As mentioned in the presentation by Yevegniya Ioffe, MD, of Loma Linda University Cancer Center, on antibody conjugates in platinum-resistant ovarian cancer, what is the significance of FDA approval of mirvetuximab soravtansine-gynx (Elahere) for this population?

[The accelerated approval] For mirvituximab, soraftansine is very cool, because now we have something to treat patients with folate receptor alpha [expression]; [this is] very Difficult[-to-treat] Patient people. response rate [of mirvetuximab soravtansine] In the third phase of the Soraya experiment [NCT04296890] Conducted by Kathleen Moore, MD, of Stephenson Cancer Center, it was very good [compared with] other response rates [observed with] individual therapy.

Things to keep in mind are the toxicities associated with mirvetuximab soravtansine, [such as] eye toxicity [This] It’s nothing [clinicians] I can ignore, and I [do not] You think someone losing visual acuity is widely accepted. [We] You should be very familiar with these toxicities.

What is the main message you would like to pass on to colleagues regarding the importance of genetic testing in the treatment of ovarian cancer?

Knowledge of human resource development f BRCA [mutation] The condition of the patient with ovarian cancer is the most important [factor for treatment selection] Because this sign [can inform] Use of PARP inhibitors in women with serous ovarian cancer.

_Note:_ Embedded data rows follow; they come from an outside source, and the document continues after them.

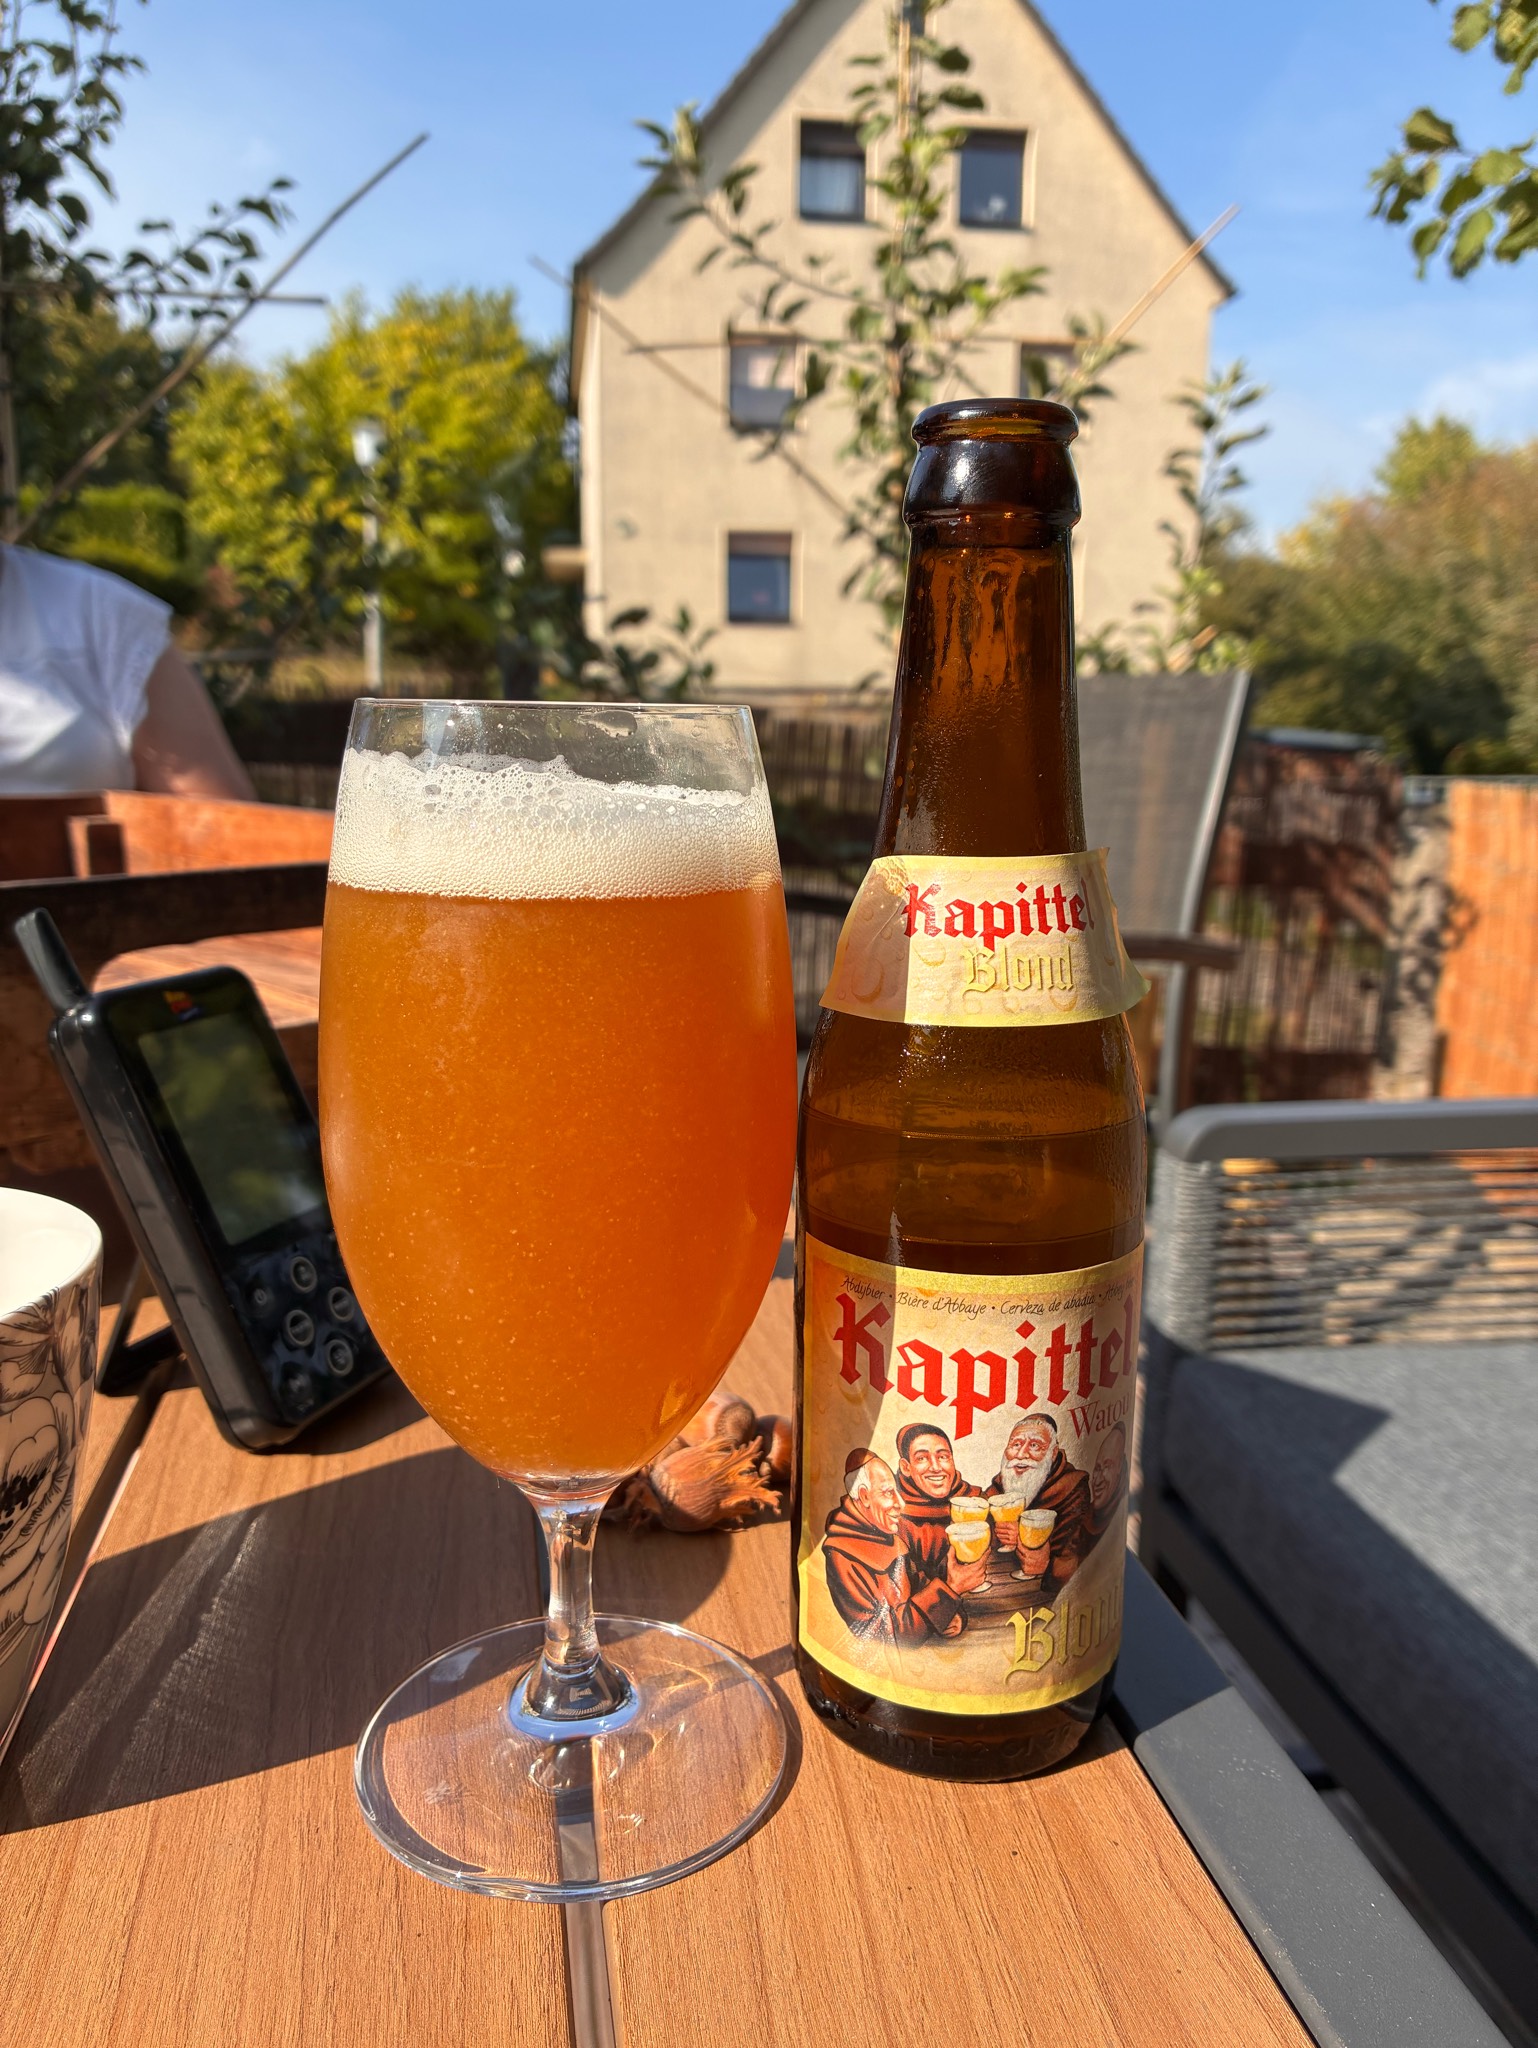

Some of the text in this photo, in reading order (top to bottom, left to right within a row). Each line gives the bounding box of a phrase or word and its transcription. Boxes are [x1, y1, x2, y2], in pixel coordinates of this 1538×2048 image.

[901, 881, 1095, 951] Kapittel
[961, 945, 1075, 996] Blond
[896, 1292, 929, 1309] Bière
[932, 1295, 987, 1320] d'Abbaye
[1000, 1299, 1046, 1316] Cerveza
[1049, 1297, 1062, 1312] de
[832, 1292, 1135, 1441] Kapittel
[1067, 1391, 1131, 1440] Watou

We need to find out [information] So that we can ensure that patients receive cutting-edge treatment.

it’s a [also] neglected [understand] How and why we lower the dose, as well as things we can do to improve [and monitor] those toxicities. [Lastly,] It is important to [be informed] about new [available treatments] for platinum-resistant disease.

Are there any ongoing studies at the University of Colorado Cancer Center that you’d like to highlight?

we have [several] Things are in the making. they were [currently] Considering the combination of mirvituximab with soraftansine and some other agents is down the road. we [also] PARP toxicity assay [in] immune microenvironment and [trying to understand] What contributes to PARP [inhibitor] resistance in [patients with] BRCA-positive [disease].